A: The best way to get started seeing it would be to run the
standalone compiler against a shader:

./glsl --dump-lir ~/src/piglit/tests/shaders/glsl-orangebook-ch06-bump.frag

So for example one of the ir_instructions in main() contains:

(assign (constant bool (1)) (var_ref litColor)  (expression vec3 * (var_ref Surf
aceColor) (var_ref __retval) ) )

Or more visually:
                     (assign)
                 /       |        \
        (var_ref)  (expression *)  (constant bool 1)
         /          /           \
(litColor)      (var_ref)    (var_ref)
                  /                  \
           (SurfaceColor)          (__retval)

which came from:

litColor = SurfaceColor * max(dot(normDelta, LightDir), 0.0);

(the max call is not represented in this expression tree, as it was a
function call that got inlined but not brought into this expression
tree)

Each of those nodes is a subclass of ir_instruction.  A particular
ir_instruction instance may only appear once in the whole IR tree with
the exception of ir_variables, which appear once as variable
declarations:

(declare () vec3 normDelta)

and multiple times as the targets of variable dereferences:
...
(assign (constant bool (1)) (var_ref __retval) (expression float dot
 (var_ref normDelta) (var_ref LightDir) ) )
...
(assign (constant bool (1)) (var_ref __retval) (expression vec3 -
 (var_ref LightDir) (expression vec3 * (constant float (2.000000))
 (expression vec3 * (expression float dot (var_ref normDelta) (var_ref
 LightDir) ) (var_ref normDelta) ) ) ) )
...

Each node has a type.  Expressions may involve several different types:
(declare (uniform ) mat4 gl_ModelViewMatrix)
((assign (constant bool (1)) (var_ref constructor_tmp) (expression
 vec4 * (var_ref gl_ModelViewMatrix) (var_ref gl_Vertex) ) )

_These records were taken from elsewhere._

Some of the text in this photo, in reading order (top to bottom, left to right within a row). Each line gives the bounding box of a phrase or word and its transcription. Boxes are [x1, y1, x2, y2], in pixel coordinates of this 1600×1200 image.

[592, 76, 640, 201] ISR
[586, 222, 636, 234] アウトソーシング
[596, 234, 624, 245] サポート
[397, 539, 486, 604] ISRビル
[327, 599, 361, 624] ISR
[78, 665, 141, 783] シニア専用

An expression tree can be arbitrarily deep, and the compiler tries to
keep them structured like that so that things like algebraic
optimizations ((color * 1.0 == color) and ((mat1 * mat2) * vec == mat1
* (mat2 * vec))) or recognizing operation patterns for code generation
(vec1 * vec2 + vec3 == mad(vec1, vec2, vec3)) are easier.  This comes
at the expense of additional trickery in implementing some
optimizations like CSE where one must navigate an expression tree.

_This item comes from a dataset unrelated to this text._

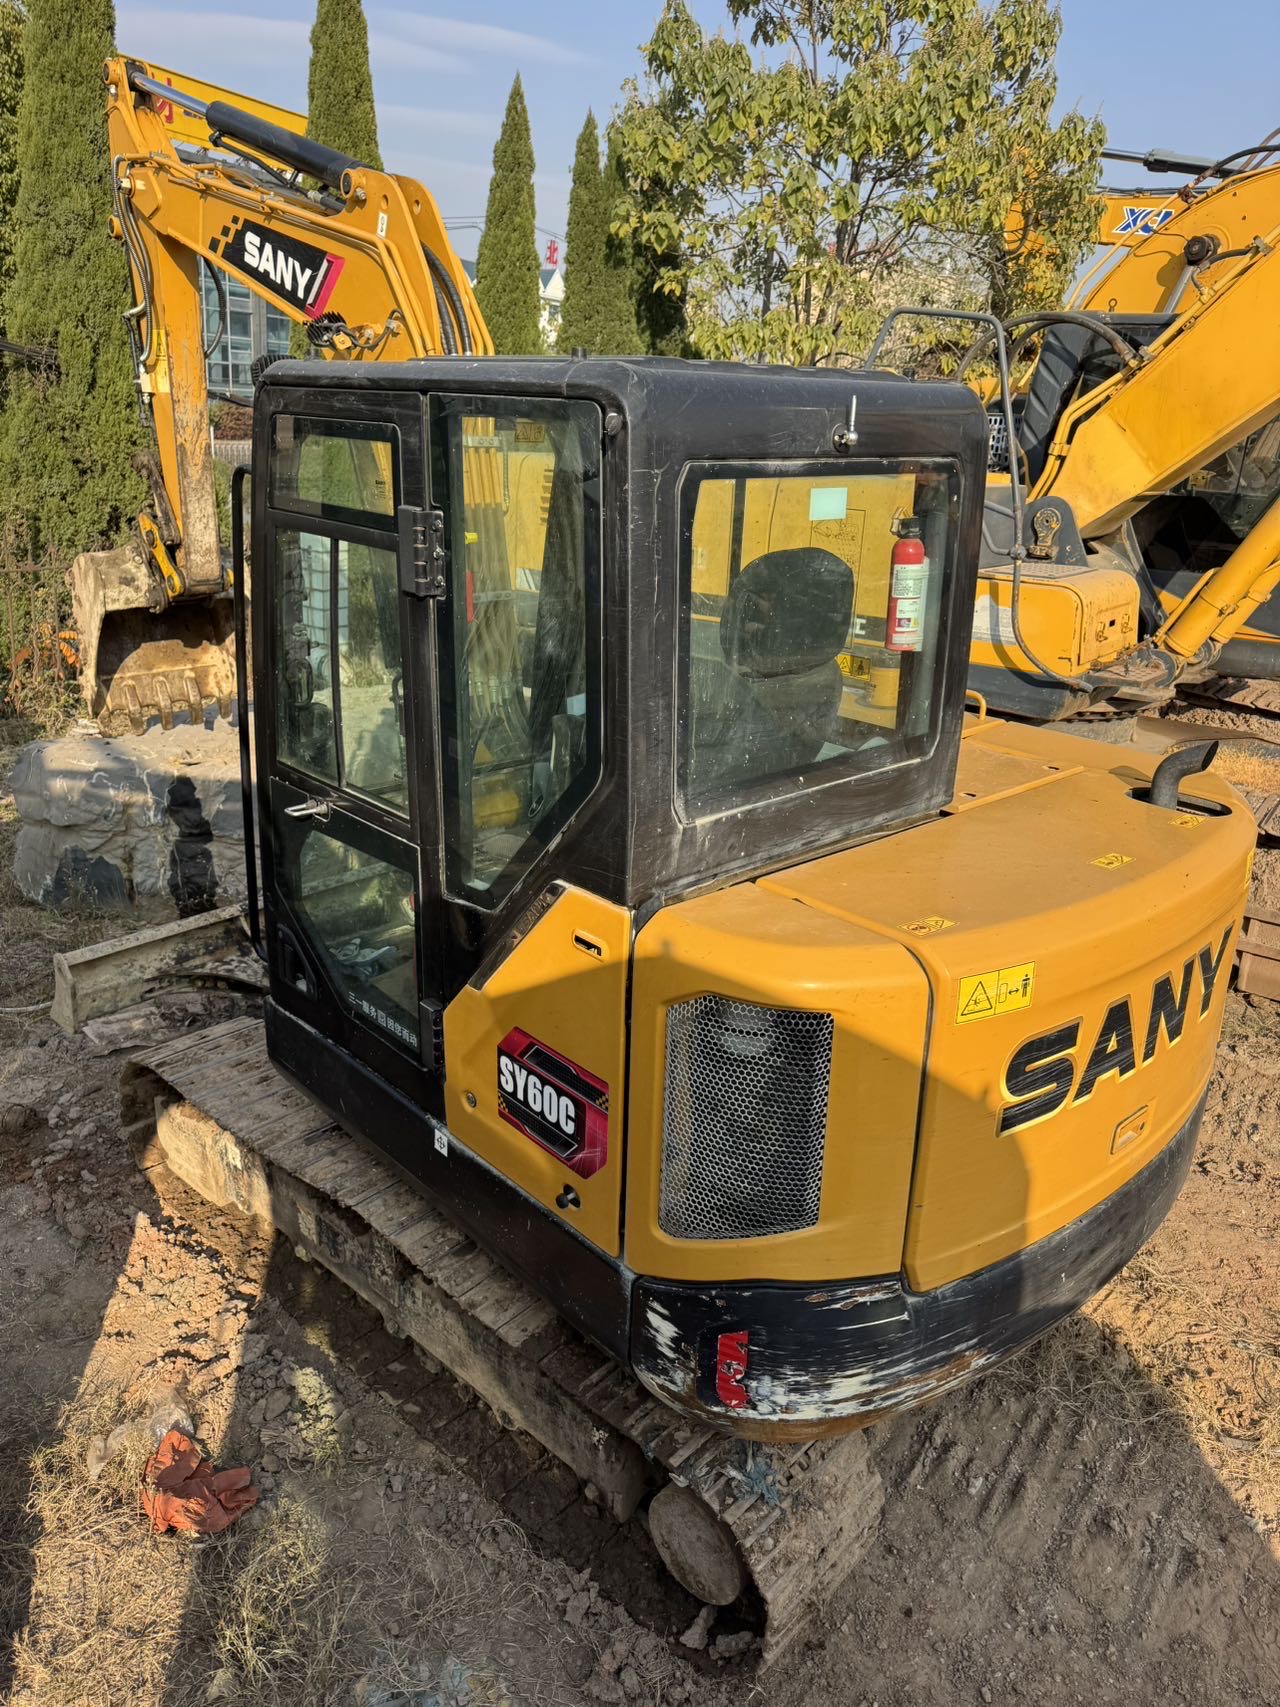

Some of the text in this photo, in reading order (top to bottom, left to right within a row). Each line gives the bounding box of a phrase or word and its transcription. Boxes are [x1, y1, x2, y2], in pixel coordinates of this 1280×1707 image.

[244, 231, 313, 300] SANY
[996, 918, 1236, 1137] SANY
[500, 1055, 576, 1135] SY60C

Q: Why no SSA representation?

A: Converting an IR tree to SSA form makes dead code elmimination,
common subexpression elimination, and many other optimizations much
easier.  However, in our primarily vector-based language, there's some
major questions as to how it would work.  Do we do SSA on the scalar
or vector level?  If we do it at the vector level, we're going to end
up with many different versions of the variable when encountering code
like:

(assign (constant bool (1)) (swiz x (var_ref __retval) ) (var_ref a) ) 
(assign (constant bool (1)) (swiz y (var_ref __retval) ) (var_ref b) ) 
(assign (constant bool (1)) (swiz z (var_ref __retval) ) (var_ref c) ) 

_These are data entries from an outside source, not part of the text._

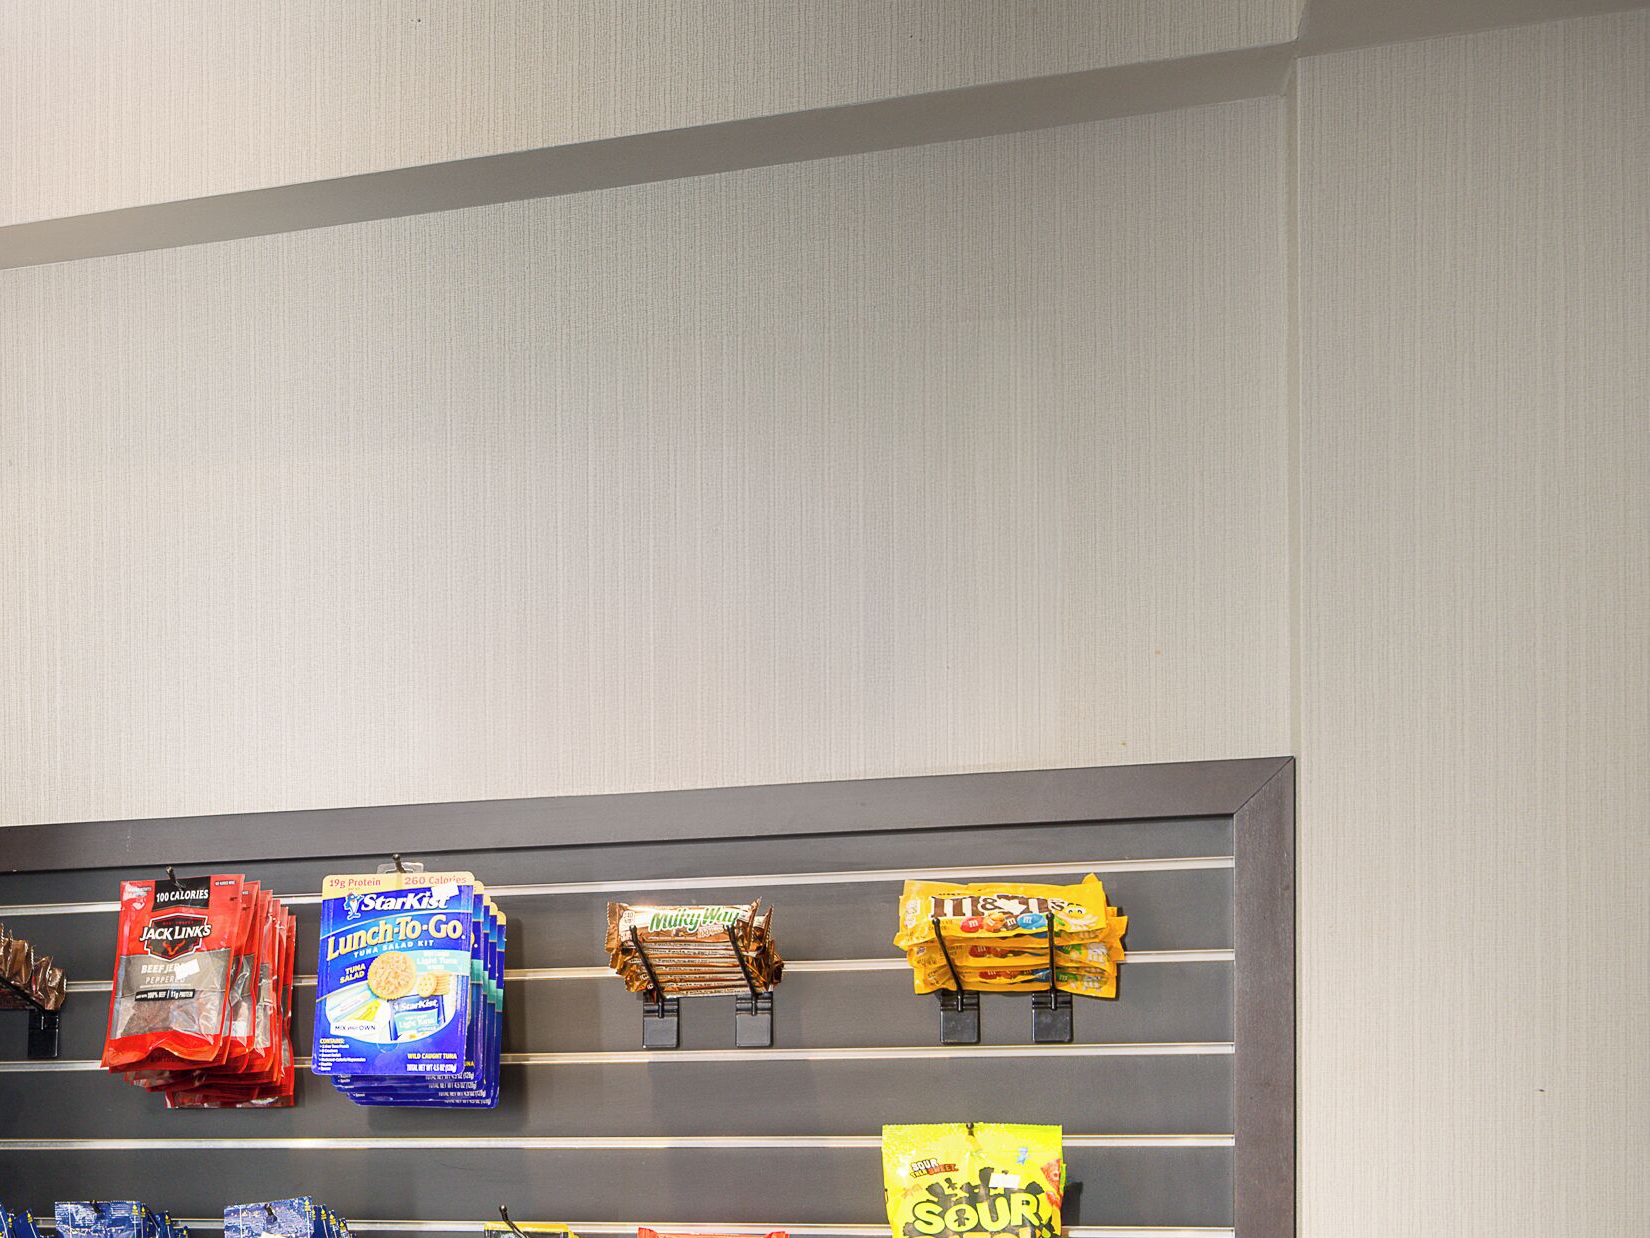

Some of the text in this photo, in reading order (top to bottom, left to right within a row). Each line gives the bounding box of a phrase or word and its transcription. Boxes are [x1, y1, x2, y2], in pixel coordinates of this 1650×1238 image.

[329, 874, 467, 889] 19g Protein 260 Calories
[155, 888, 210, 903] 100 CALORIES
[360, 891, 449, 913] StarKist
[649, 908, 701, 932] Milky
[703, 907, 740, 926] Way
[139, 926, 173, 942] JACK
[354, 939, 435, 958] TUNA SALAD KIT
[141, 962, 165, 975] BEEF
[345, 963, 367, 975] TUNA
[339, 971, 366, 985] SALAD
[179, 989, 193, 999] PROTEIN
[443, 1052, 458, 1060] TUNA
[911, 1158, 939, 1171] SOUR
[910, 1168, 928, 1178] THEN
[913, 1191, 1041, 1236] SOUR

If every masked update of a component relies on the previous value of
the variable, then we're probably going to be quite limited in our
dead code elimination wins, and recognizing common expressions may
just not happen.  On the other hand, if we operate channel-wise, then
we'll be prone to optimizing the operation on one of the channels at
the expense of making its instruction flow different from the other
channels, and a vector-based GPU would end up with worse code than if
we didn't optimize operations on that channel!

Once again, it appears that our optimization requirements are driven
significantly by the target architecture.  For now, targeting the Mesa
IR backend, SSA does not appear to be that important to producing
excellent code, but we do expect to do some SSA-based optimizations
for the 965 fragment shader backend when that is developed.